• EXERCISE DESCRIPTION: Any image in the records should be left out; output everything else exactly.

##### SUPPLIED MATERIAL

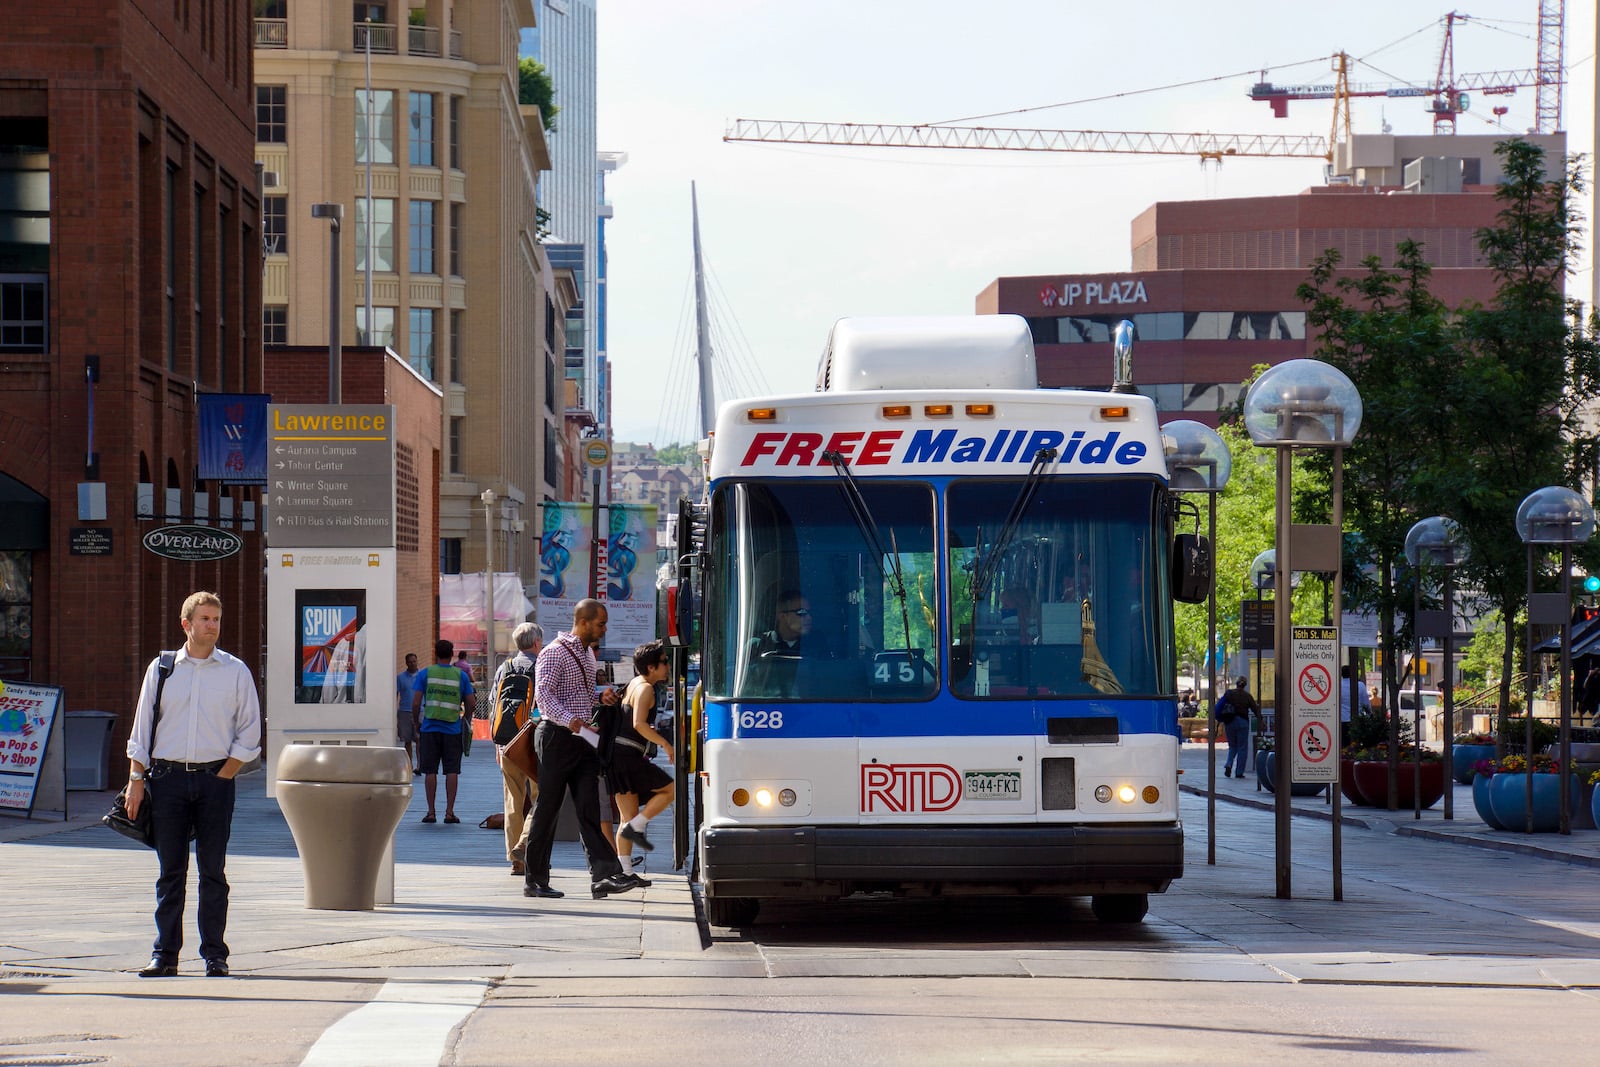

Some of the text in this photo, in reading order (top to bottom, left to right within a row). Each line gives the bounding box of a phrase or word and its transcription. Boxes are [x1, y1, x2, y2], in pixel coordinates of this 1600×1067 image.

[1058, 282, 1148, 306] JP PLAZA
[274, 409, 386, 430] Lawrence
[287, 444, 358, 456] Auraria Campus
[740, 429, 1147, 466] FREE MallRide
[288, 460, 344, 470] Tabor Center
[287, 480, 348, 492] Writer Square
[287, 496, 353, 507] Larimer Square
[287, 516, 389, 526] RTD Bus & Rail Stations
[148, 532, 234, 550] OVERLAND
[305, 608, 342, 636] SPUN
[1294, 629, 1308, 639] 16th
[1310, 630, 1319, 639] St.
[1322, 630, 1336, 639] Mall
[1299, 642, 1332, 650] Authorized
[1321, 652, 1335, 661] Only
[7, 687, 24, 695] Candy
[733, 710, 783, 729] 1628
[8, 740, 27, 752] Pop
[30, 741, 38, 751] &
[11, 753, 37, 766] Shop
[861, 764, 962, 812] RTD

##########

• SOLUTION TO THIS TASK:
Some of the text in this photo, in reading order (top to bottom, left to right within a row). Each line gives the bounding box of a phrase or word and its transcription. Boxes are [x1, y1, x2, y2], in pixel coordinates of this 1600×1067 image.

[1058, 282, 1148, 306] JP PLAZA
[274, 409, 386, 430] Lawrence
[287, 444, 358, 456] Auraria Campus
[740, 429, 1147, 466] FREE MallRide
[288, 460, 344, 470] Tabor Center
[287, 480, 348, 492] Writer Square
[287, 496, 353, 507] Larimer Square
[287, 516, 389, 526] RTD Bus & Rail Stations
[148, 532, 234, 550] OVERLAND
[305, 608, 342, 636] SPUN
[1294, 629, 1308, 639] 16th
[1310, 630, 1319, 639] St.
[1322, 630, 1336, 639] Mall
[1299, 642, 1332, 650] Authorized
[1321, 652, 1335, 661] Only
[7, 687, 24, 695] Candy
[733, 710, 783, 729] 1628
[8, 740, 27, 752] Pop
[30, 741, 38, 751] &
[11, 753, 37, 766] Shop
[861, 764, 962, 812] RTD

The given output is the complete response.